_What you are asked to do_.
An exact copy of the lines from the one containing "Some of the words" through the final line of the records is the only acceptable answer.

(Records drawn from a dataset)
::::
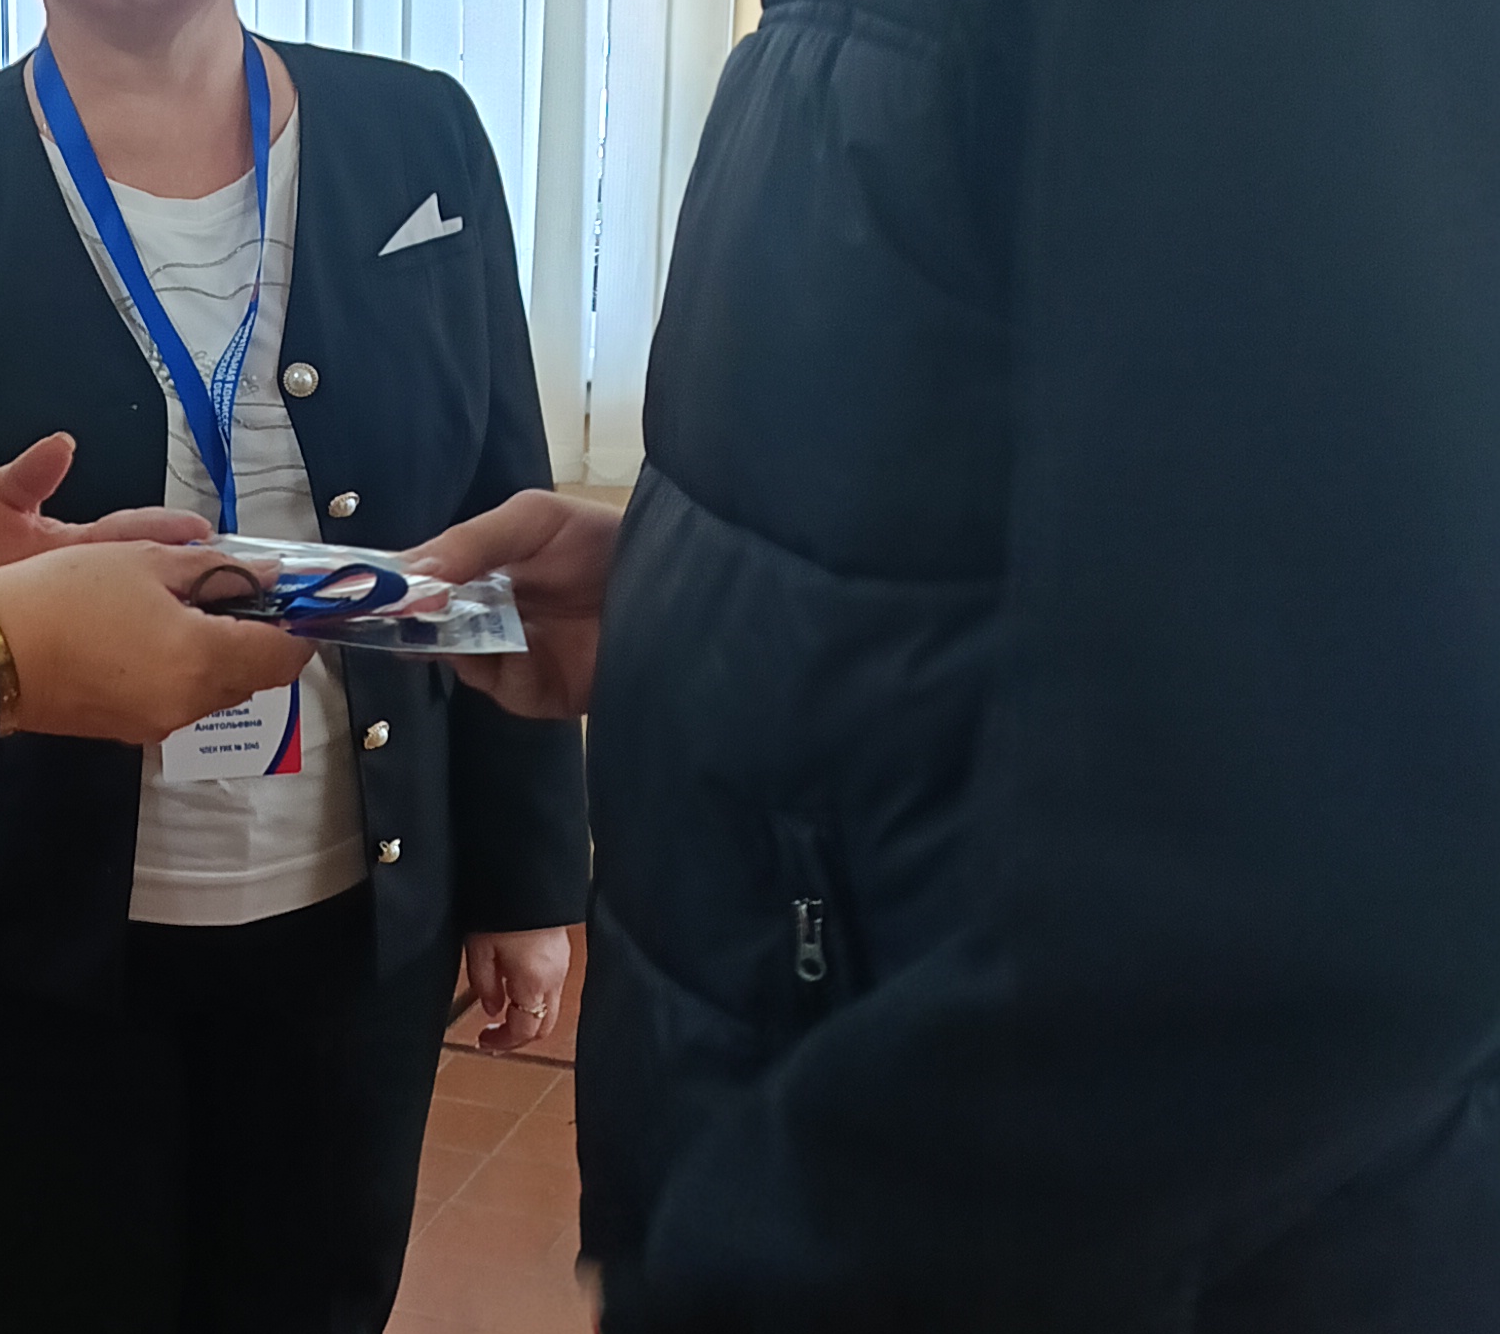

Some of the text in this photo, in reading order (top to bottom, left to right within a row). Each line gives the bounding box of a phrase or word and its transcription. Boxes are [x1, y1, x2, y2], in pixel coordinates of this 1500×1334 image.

[221, 382, 234, 440] КОМИСС
[206, 707, 250, 718] аталья
[194, 719, 263, 731] Анатольевна
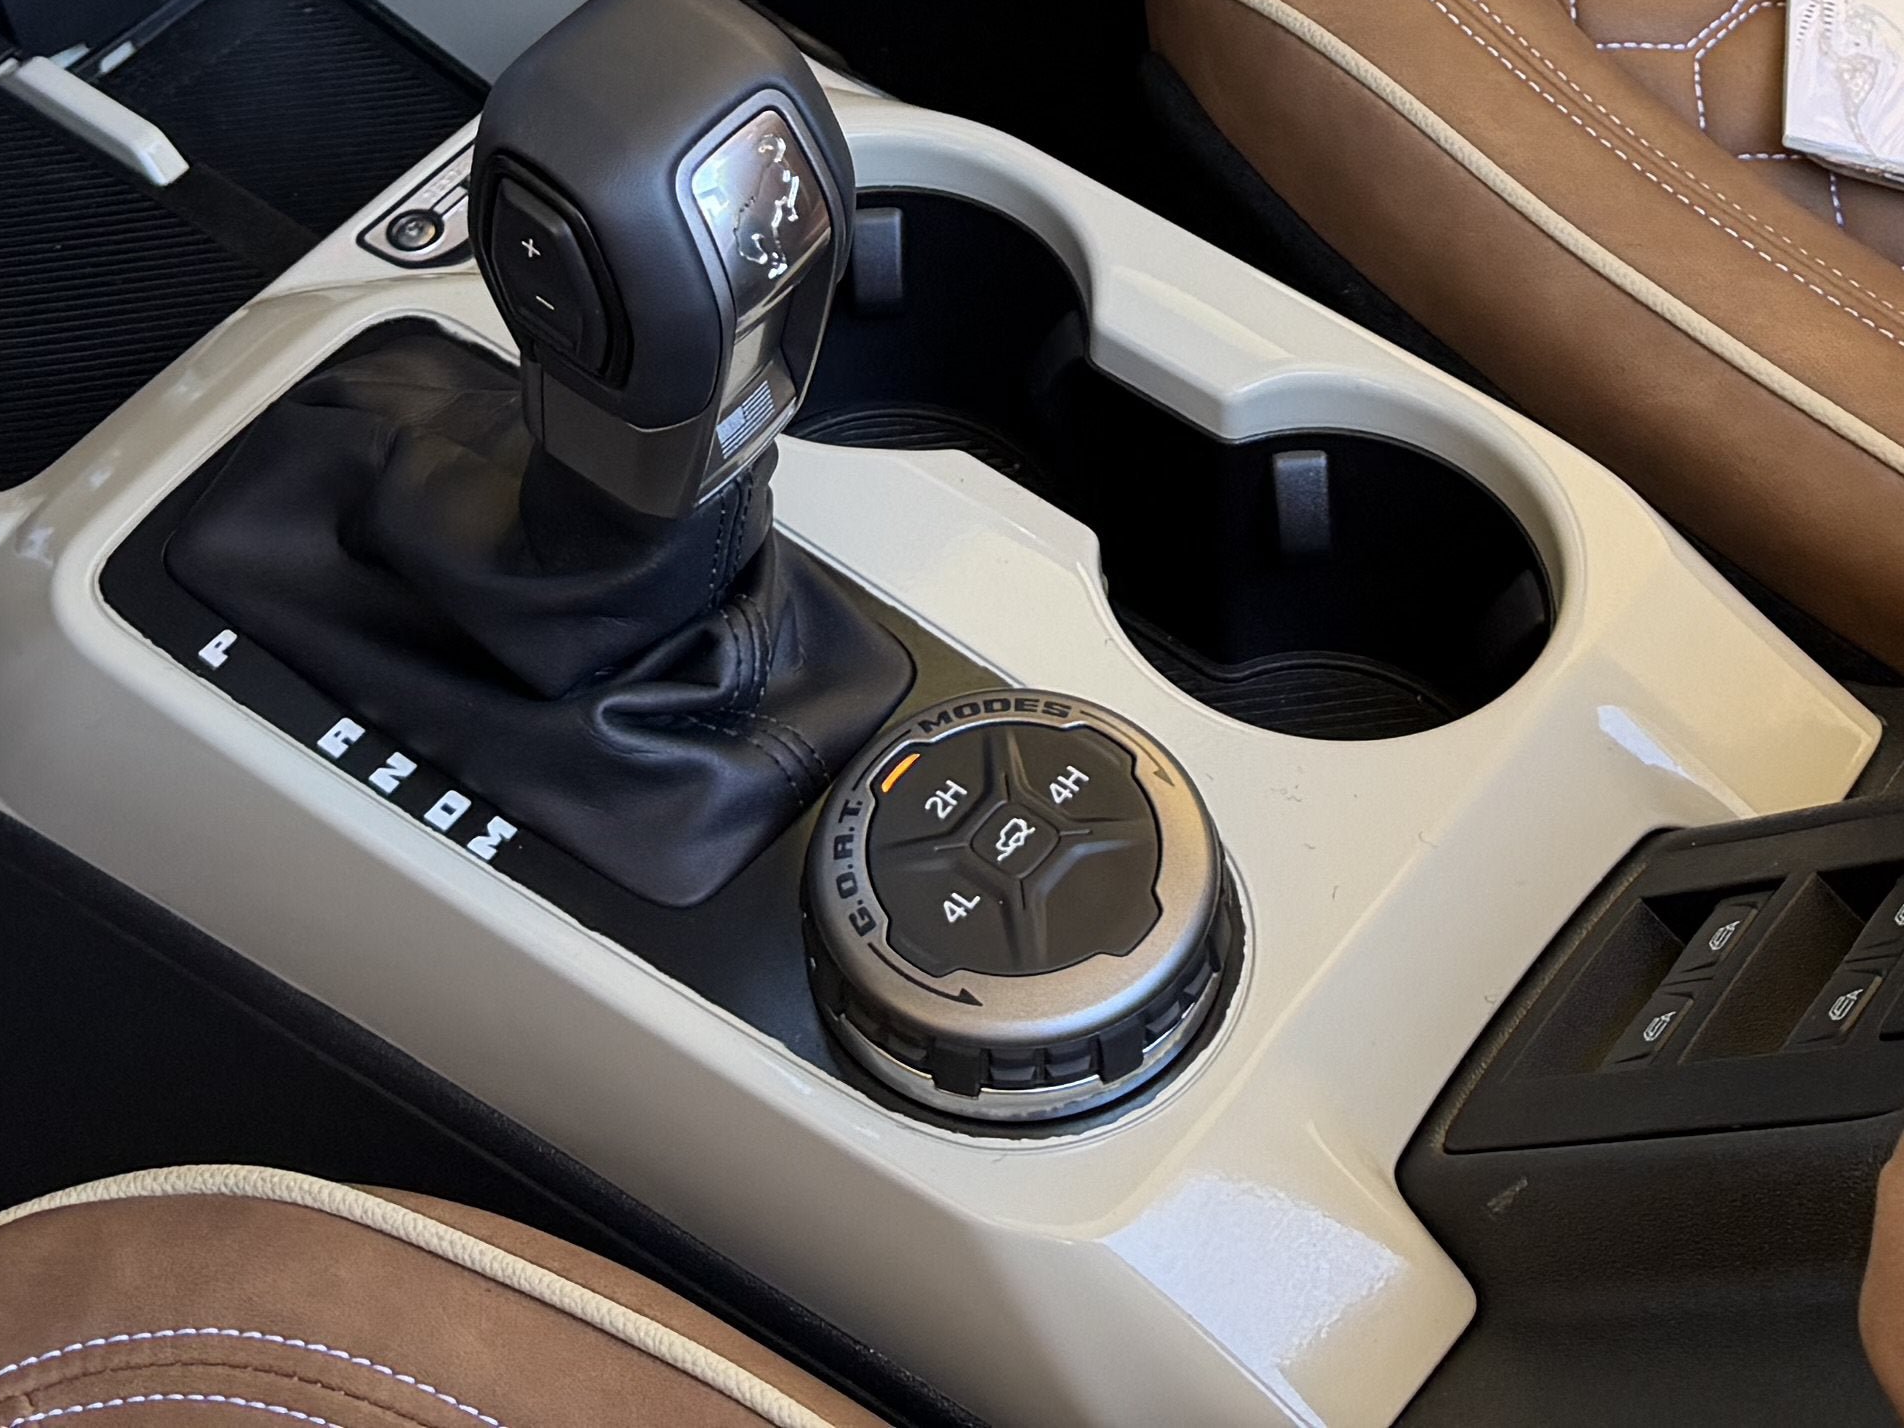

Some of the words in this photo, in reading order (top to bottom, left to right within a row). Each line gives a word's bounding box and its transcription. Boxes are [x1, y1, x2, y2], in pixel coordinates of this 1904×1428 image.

[198, 628, 239, 671] P
[317, 717, 366, 760] R
[368, 751, 418, 794] N
[423, 789, 472, 832] D
[467, 815, 519, 861] M
[925, 778, 968, 821] 2H
[1048, 765, 1090, 807] 4H
[835, 797, 878, 938] G.O.A.T.
[918, 697, 1072, 735] MODES
[942, 891, 982, 924] 4L
::::
_Exercise solution_.
Some of the words in this photo, in reading order (top to bottom, left to right within a row). Each line gives a word's bounding box and its transcription. Boxes are [x1, y1, x2, y2], in pixel coordinates of this 1904×1428 image.

[198, 628, 239, 671] P
[317, 717, 366, 760] R
[368, 751, 418, 794] N
[423, 789, 472, 832] D
[467, 815, 519, 861] M
[925, 778, 968, 821] 2H
[1048, 765, 1090, 807] 4H
[835, 797, 878, 938] G.O.A.T.
[918, 697, 1072, 735] MODES
[942, 891, 982, 924] 4L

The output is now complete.